(Entries taken from a collection)
::::

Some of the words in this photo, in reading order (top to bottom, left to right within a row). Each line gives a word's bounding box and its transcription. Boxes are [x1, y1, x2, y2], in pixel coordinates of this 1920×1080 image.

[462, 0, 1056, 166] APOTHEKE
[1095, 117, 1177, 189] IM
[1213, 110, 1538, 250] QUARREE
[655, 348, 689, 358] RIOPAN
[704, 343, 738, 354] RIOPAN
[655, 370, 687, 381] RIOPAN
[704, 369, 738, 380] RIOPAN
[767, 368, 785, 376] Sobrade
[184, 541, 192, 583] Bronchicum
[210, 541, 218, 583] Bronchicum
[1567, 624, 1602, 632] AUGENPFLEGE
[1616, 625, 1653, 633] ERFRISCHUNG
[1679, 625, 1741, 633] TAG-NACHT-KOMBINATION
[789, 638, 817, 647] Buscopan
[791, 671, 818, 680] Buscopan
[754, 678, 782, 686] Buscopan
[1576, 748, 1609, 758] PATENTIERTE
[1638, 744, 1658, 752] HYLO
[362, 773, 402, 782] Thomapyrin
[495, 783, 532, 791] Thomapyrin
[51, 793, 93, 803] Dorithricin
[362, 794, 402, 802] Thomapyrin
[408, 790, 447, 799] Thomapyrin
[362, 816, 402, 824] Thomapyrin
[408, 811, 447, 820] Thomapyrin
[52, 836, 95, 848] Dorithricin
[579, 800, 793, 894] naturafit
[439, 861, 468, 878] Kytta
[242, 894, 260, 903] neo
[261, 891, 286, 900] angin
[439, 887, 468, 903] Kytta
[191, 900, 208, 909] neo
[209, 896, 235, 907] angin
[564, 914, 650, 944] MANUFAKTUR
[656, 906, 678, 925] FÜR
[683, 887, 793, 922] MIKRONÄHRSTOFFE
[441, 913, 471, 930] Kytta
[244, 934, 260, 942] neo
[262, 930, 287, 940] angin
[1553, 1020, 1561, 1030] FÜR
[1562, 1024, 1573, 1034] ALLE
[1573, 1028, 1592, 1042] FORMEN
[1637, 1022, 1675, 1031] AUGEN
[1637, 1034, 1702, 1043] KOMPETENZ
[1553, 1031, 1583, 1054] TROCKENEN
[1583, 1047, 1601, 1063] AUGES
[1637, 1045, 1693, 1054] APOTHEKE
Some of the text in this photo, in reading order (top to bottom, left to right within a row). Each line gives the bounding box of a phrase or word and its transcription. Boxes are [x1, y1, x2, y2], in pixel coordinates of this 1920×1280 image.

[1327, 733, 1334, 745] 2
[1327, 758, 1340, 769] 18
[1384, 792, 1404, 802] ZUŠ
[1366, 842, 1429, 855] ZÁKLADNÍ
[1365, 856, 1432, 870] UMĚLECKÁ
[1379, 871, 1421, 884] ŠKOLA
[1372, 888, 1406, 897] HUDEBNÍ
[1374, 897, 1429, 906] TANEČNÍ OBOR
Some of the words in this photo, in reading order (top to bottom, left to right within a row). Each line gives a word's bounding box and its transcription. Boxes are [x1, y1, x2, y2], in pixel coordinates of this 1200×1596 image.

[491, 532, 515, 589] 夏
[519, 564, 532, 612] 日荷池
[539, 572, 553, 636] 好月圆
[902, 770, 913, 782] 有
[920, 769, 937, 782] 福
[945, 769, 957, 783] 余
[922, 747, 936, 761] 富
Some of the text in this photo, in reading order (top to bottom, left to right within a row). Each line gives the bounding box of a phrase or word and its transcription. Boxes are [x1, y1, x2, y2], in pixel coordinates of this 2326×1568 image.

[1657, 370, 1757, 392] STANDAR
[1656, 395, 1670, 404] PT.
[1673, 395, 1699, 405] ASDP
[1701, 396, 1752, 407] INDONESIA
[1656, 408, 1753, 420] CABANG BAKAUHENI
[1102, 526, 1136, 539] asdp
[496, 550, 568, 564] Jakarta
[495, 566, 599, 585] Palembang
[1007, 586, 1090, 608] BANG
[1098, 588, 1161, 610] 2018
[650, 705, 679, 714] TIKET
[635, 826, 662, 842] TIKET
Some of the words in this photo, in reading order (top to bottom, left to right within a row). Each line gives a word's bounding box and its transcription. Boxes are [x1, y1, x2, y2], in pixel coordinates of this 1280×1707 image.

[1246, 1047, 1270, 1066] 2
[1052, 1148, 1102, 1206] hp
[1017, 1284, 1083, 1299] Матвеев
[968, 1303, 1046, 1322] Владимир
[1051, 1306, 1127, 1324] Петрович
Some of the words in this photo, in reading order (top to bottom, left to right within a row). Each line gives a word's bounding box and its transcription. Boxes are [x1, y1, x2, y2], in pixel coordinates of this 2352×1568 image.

::::

Work order: Repeat the records, every one of them, without any deviation.

Solution to the problem:
Some of the words in this photo, in reading order (top to bottom, left to right within a row). Each line gives a word's bounding box and its transcription. Boxes are [x1, y1, x2, y2], in pixel coordinates of this 1920×1080 image.

[462, 0, 1056, 166] APOTHEKE
[1095, 117, 1177, 189] IM
[1213, 110, 1538, 250] QUARREE
[655, 348, 689, 358] RIOPAN
[704, 343, 738, 354] RIOPAN
[655, 370, 687, 381] RIOPAN
[704, 369, 738, 380] RIOPAN
[767, 368, 785, 376] Sobrade
[184, 541, 192, 583] Bronchicum
[210, 541, 218, 583] Bronchicum
[1567, 624, 1602, 632] AUGENPFLEGE
[1616, 625, 1653, 633] ERFRISCHUNG
[1679, 625, 1741, 633] TAG-NACHT-KOMBINATION
[789, 638, 817, 647] Buscopan
[791, 671, 818, 680] Buscopan
[754, 678, 782, 686] Buscopan
[1576, 748, 1609, 758] PATENTIERTE
[1638, 744, 1658, 752] HYLO
[362, 773, 402, 782] Thomapyrin
[495, 783, 532, 791] Thomapyrin
[51, 793, 93, 803] Dorithricin
[362, 794, 402, 802] Thomapyrin
[408, 790, 447, 799] Thomapyrin
[362, 816, 402, 824] Thomapyrin
[408, 811, 447, 820] Thomapyrin
[52, 836, 95, 848] Dorithricin
[579, 800, 793, 894] naturafit
[439, 861, 468, 878] Kytta
[242, 894, 260, 903] neo
[261, 891, 286, 900] angin
[439, 887, 468, 903] Kytta
[191, 900, 208, 909] neo
[209, 896, 235, 907] angin
[564, 914, 650, 944] MANUFAKTUR
[656, 906, 678, 925] FÜR
[683, 887, 793, 922] MIKRONÄHRSTOFFE
[441, 913, 471, 930] Kytta
[244, 934, 260, 942] neo
[262, 930, 287, 940] angin
[1553, 1020, 1561, 1030] FÜR
[1562, 1024, 1573, 1034] ALLE
[1573, 1028, 1592, 1042] FORMEN
[1637, 1022, 1675, 1031] AUGEN
[1637, 1034, 1702, 1043] KOMPETENZ
[1553, 1031, 1583, 1054] TROCKENEN
[1583, 1047, 1601, 1063] AUGES
[1637, 1045, 1693, 1054] APOTHEKE
Some of the text in this photo, in reading order (top to bottom, left to right within a row). Each line gives the bounding box of a phrase or word and its transcription. Boxes are [x1, y1, x2, y2], in pixel coordinates of this 1920×1280 image.

[1327, 733, 1334, 745] 2
[1327, 758, 1340, 769] 18
[1384, 792, 1404, 802] ZUŠ
[1366, 842, 1429, 855] ZÁKLADNÍ
[1365, 856, 1432, 870] UMĚLECKÁ
[1379, 871, 1421, 884] ŠKOLA
[1372, 888, 1406, 897] HUDEBNÍ
[1374, 897, 1429, 906] TANEČNÍ OBOR
Some of the words in this photo, in reading order (top to bottom, left to right within a row). Each line gives a word's bounding box and its transcription. Boxes are [x1, y1, x2, y2], in pixel coordinates of this 1200×1596 image.

[491, 532, 515, 589] 夏
[519, 564, 532, 612] 日荷池
[539, 572, 553, 636] 好月圆
[902, 770, 913, 782] 有
[920, 769, 937, 782] 福
[945, 769, 957, 783] 余
[922, 747, 936, 761] 富
Some of the text in this photo, in reading order (top to bottom, left to right within a row). Each line gives the bounding box of a phrase or word and its transcription. Boxes are [x1, y1, x2, y2], in pixel coordinates of this 2326×1568 image.

[1657, 370, 1757, 392] STANDAR
[1656, 395, 1670, 404] PT.
[1673, 395, 1699, 405] ASDP
[1701, 396, 1752, 407] INDONESIA
[1656, 408, 1753, 420] CABANG BAKAUHENI
[1102, 526, 1136, 539] asdp
[496, 550, 568, 564] Jakarta
[495, 566, 599, 585] Palembang
[1007, 586, 1090, 608] BANG
[1098, 588, 1161, 610] 2018
[650, 705, 679, 714] TIKET
[635, 826, 662, 842] TIKET
Some of the words in this photo, in reading order (top to bottom, left to right within a row). Each line gives a word's bounding box and its transcription. Boxes are [x1, y1, x2, y2], in pixel coordinates of this 1280×1707 image.

[1246, 1047, 1270, 1066] 2
[1052, 1148, 1102, 1206] hp
[1017, 1284, 1083, 1299] Матвеев
[968, 1303, 1046, 1322] Владимир
[1051, 1306, 1127, 1324] Петрович
Some of the words in this photo, in reading order (top to bottom, left to right within a row). Each line gives a word's bounding box and its transcription. Boxes are [x1, y1, x2, y2], in pixel coordinates of this 2352×1568 image.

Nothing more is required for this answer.